Sarà discusso a ottobre, presso il tribunale di Avellino il caso trattato dallo Studio legale Di Lorenzo and Partners riguardante una donna di 34 anni, sottoposta senza motivo ad un intervento chirurgico. M.M.V. è, dunque, vittima di un grave episodio di malasanità, in cui è stato notevole l’errore medico, come messo in luce dall’avvocato Luca Supino Di Lorenzo.
Tutto ha inizio nel maggio dell’anno scorso, quando M.M.V. veniva sottoposta ad un aborto terapeutico. Dal controllo dopo l’intervento, si evinceva una neoformazione ovarica destra delle dimensioni di 42 x 34 mm. Dunque, veniva prescritta una terapia estroprogestinica per tre mesi. Al controllo successivo, nel luglio dello stesso anno, la neoformazione persisteva e, dunque,la donna si sottoponeva presso il centro diagnostico “MED 2000” di Casagiove (CE), ad un nuovo esame ecografico. Da questo emergeva la presenza di una cisti multiloculare ben delimitata, in sede annessiale destra, con fenomeni di vascolarizzazione interessanti la parete ed i setti, del diametro massimo di 35 mm.
Da qui la decisione di rivolgersi al prof. Mario Malzoni, che, vista la paziente, suggeriva un intervento chirurgico. Ragion per cui M.M.V si ricoverava presso la Casa di Cura Malzoni di Avellino con una diagnosi “di ingresso di tumefazione annessiale destra pluriconcamerata di 35 mm con gettone solido non responsiva a terapia medica”. Quindi, il 31 agosto la paziente subiva l’intervento chirurgico in laparoscopia.
Durante l’intervento, però, gli operatori non riscontravano alcuna alterazione a carico dell’annesso destro. Da qui la decisione circa l’enucleazione di due piccole formazioni cistiche del diametro di circa 2 cm presenti a livello dell’ovaio controlaterale, poi definite, a seguito di esame istologico, quali corpi lutei.
“La presenza di tali cisti rappresenta una frequente causa di ricovero nell’età compresa tra i 15 ed i 45 anni, tuttavia la maggior parte delle tumescenze ovariche non sono di natura neoplastica bensì semplice espressione di anomalie dell’ovulazione o della formazione di corpi lutei, infatti, nell’80-85% dei casi trattasi di patologia di natura benigna ed i 2/3 di queste riguardano donne tra i 20 ed i 44 anni”, afferma l’avvocato Luca Supino Di Lorenzo, specialista in diritto sanitario e responsabilità per colpa medica, basandosi sulle consulenze medico-legali di cui si è avvalso.
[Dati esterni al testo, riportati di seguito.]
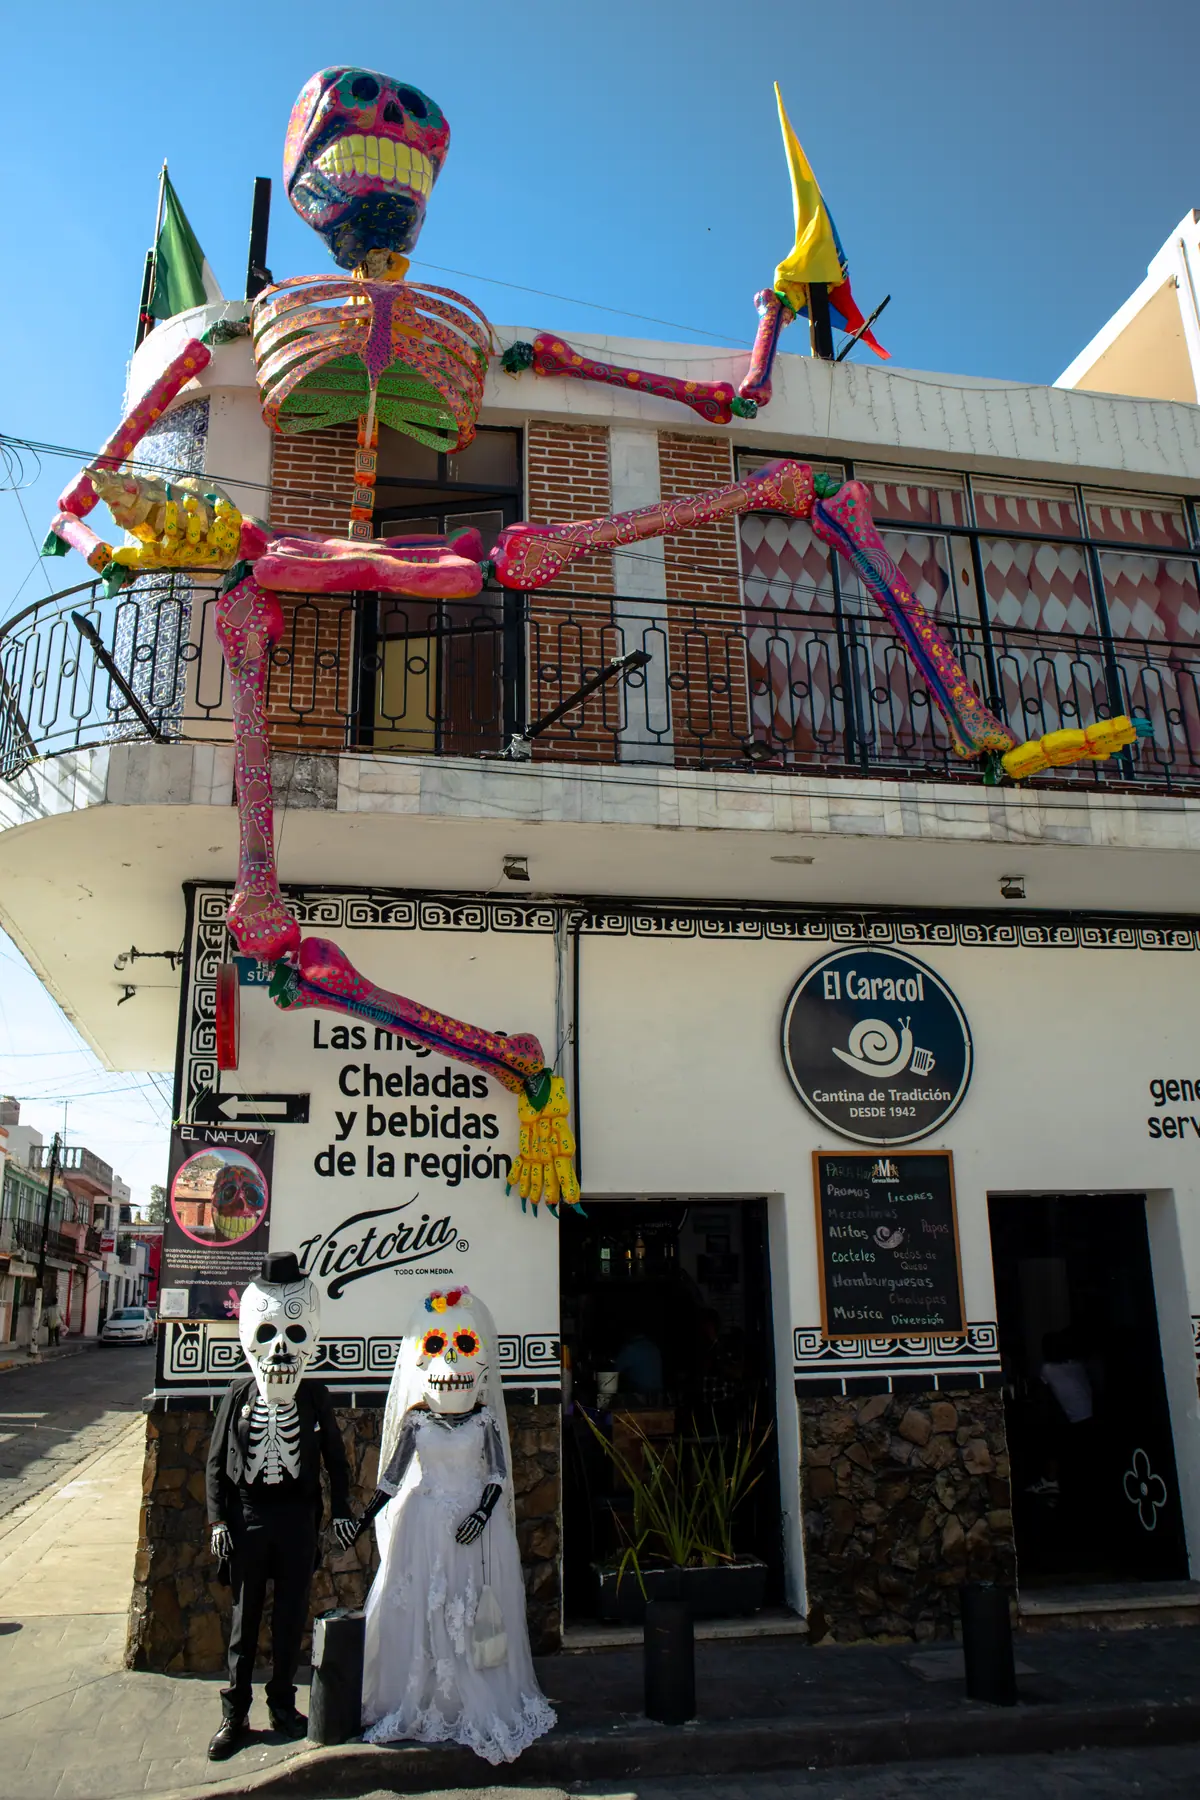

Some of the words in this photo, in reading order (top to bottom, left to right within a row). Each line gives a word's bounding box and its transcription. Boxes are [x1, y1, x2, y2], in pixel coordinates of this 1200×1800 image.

Dunque, secondo l’avvocato Luca Di Lorenzo, evincendo un palese caso di responsabilità per colpa medica, è stato un “comportamento colpevole” quello del prof. Mario Malzoni, che ha indicato l’intervento.
“Appare evidente che, a prescindere dalla natura della cisti, date le sue dimensioni, la brevità del trattamento farmacologico eseguito ed in presenza di negatività dei markers, non vi fosse indicazione all’intervento”, commenta l’avvocato della paziente Luca Supino Di Lorenzo. Inoltre, “un altro elemento di censura è individuabile nella fase immediatamente pre-operatoria.
Si decise di sottoporre la donna ad intervento chirurgico senza effettuare un nuovo accertamento strumentale di verifica che confermasse che la cisti ovarica destra nel frattempo non fosse regredita sottoponendo invece inutilmente la propria paziente ad anestesia generale e conseguente laparoscopia. Un banale esame ecografico preoperatorio avrebbe consentito di definire correttamente tali formazioni come corpi lutei evitando, a maggior ragione, l’inutile intervento chirurgico praticato”.
I postumi della vicenda di malasanità sono rappresentati sostanzialmente da “un pregiudizio estetico e da una sindrome aderenziale di grado lieve, i quali sono ormai da ritenersi stabilizzati e potranno pertanto essere valutati quale danno biologico permanente”, considera il rappresentante legale della paziente.